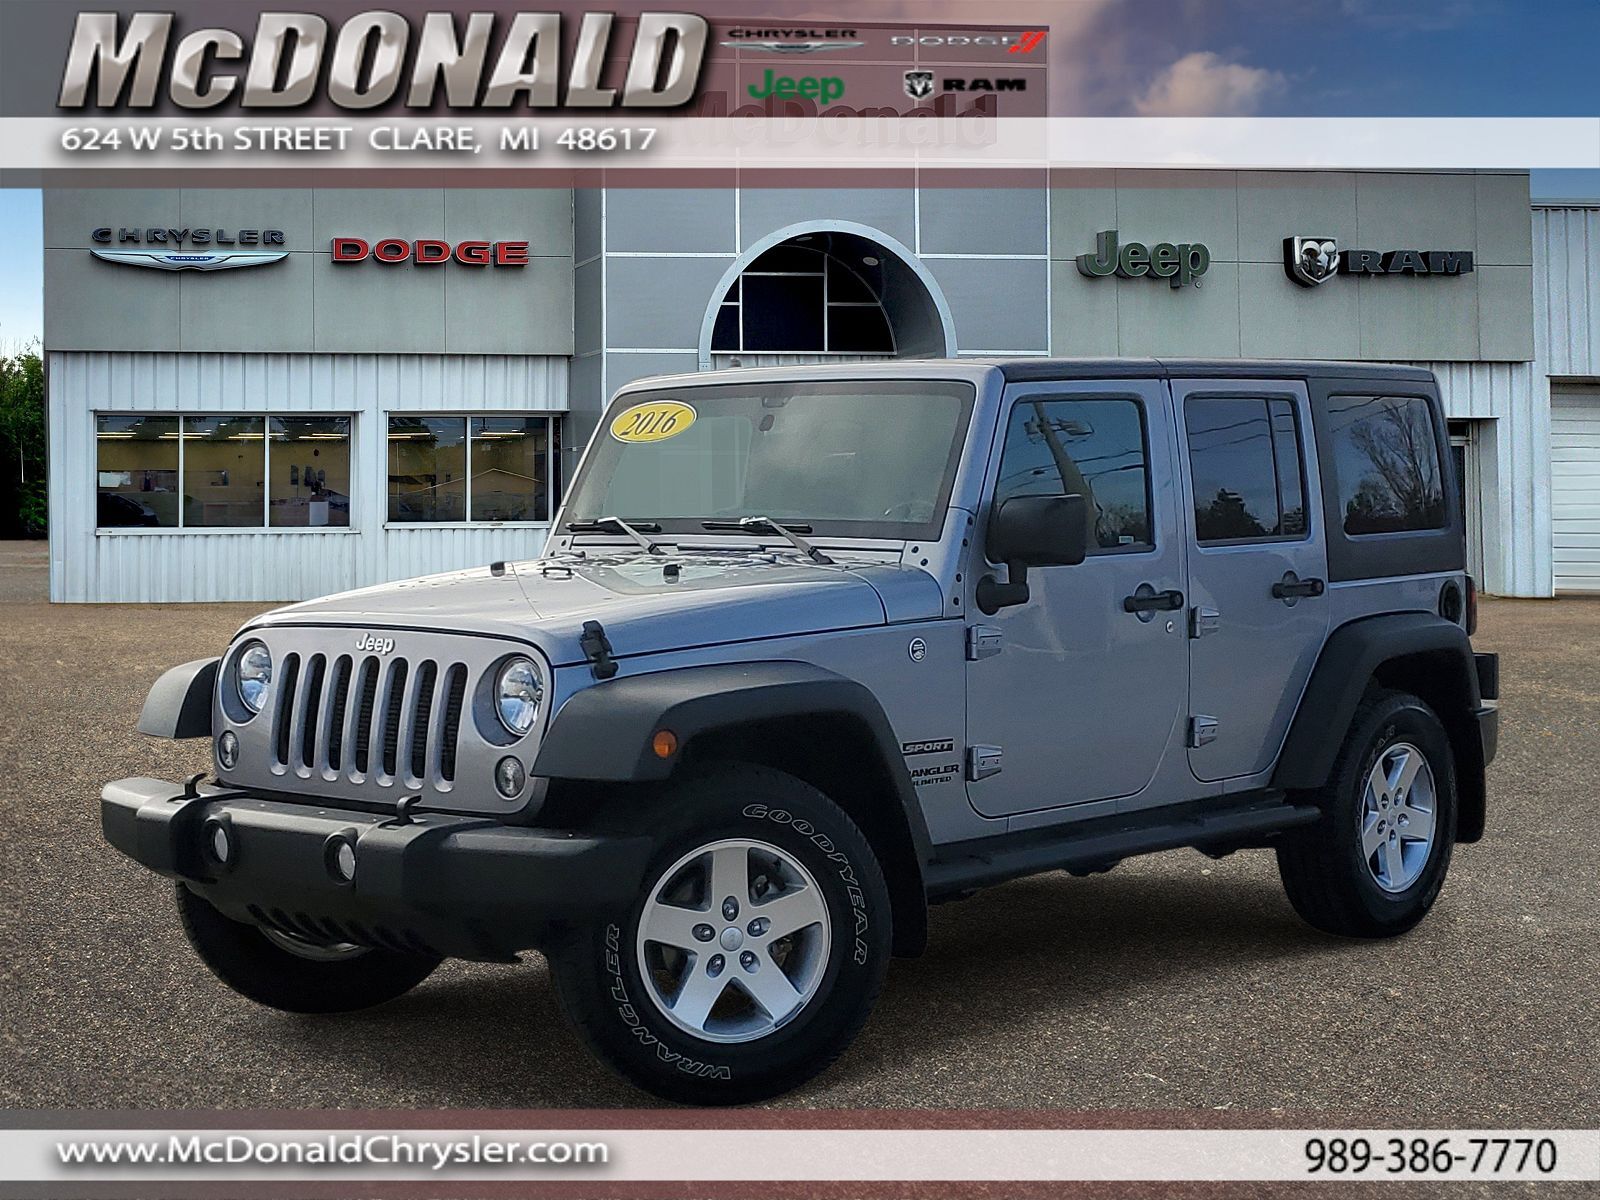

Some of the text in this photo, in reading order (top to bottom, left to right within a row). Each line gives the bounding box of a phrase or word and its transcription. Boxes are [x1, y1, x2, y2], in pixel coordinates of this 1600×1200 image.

[91, 227, 286, 245] CHRYSLER
[331, 237, 530, 268] DODGE
[1076, 230, 1211, 289] Jeep
[1338, 249, 1474, 275] RAM
[619, 409, 686, 437] 2016
[355, 632, 396, 656] Jeep
[904, 743, 952, 753] SPORT
[909, 764, 960, 777] ANGLER
[742, 803, 869, 966] GOODYEAR
[605, 923, 732, 1080] WRANGLER

◇ ◇ ◇

*Task requirements*.
The pictures stay out; copy the rest of the data word for word.

*Written answer*.
Some of the text in this photo, in reading order (top to bottom, left to right within a row). Each line gives the bounding box of a phrase or word and its transcription. Boxes are [x1, y1, x2, y2], in pixel coordinates of this 1600×1200 image.

[91, 227, 286, 245] CHRYSLER
[331, 237, 530, 268] DODGE
[1076, 230, 1211, 289] Jeep
[1338, 249, 1474, 275] RAM
[619, 409, 686, 437] 2016
[355, 632, 396, 656] Jeep
[904, 743, 952, 753] SPORT
[909, 764, 960, 777] ANGLER
[742, 803, 869, 966] GOODYEAR
[605, 923, 732, 1080] WRANGLER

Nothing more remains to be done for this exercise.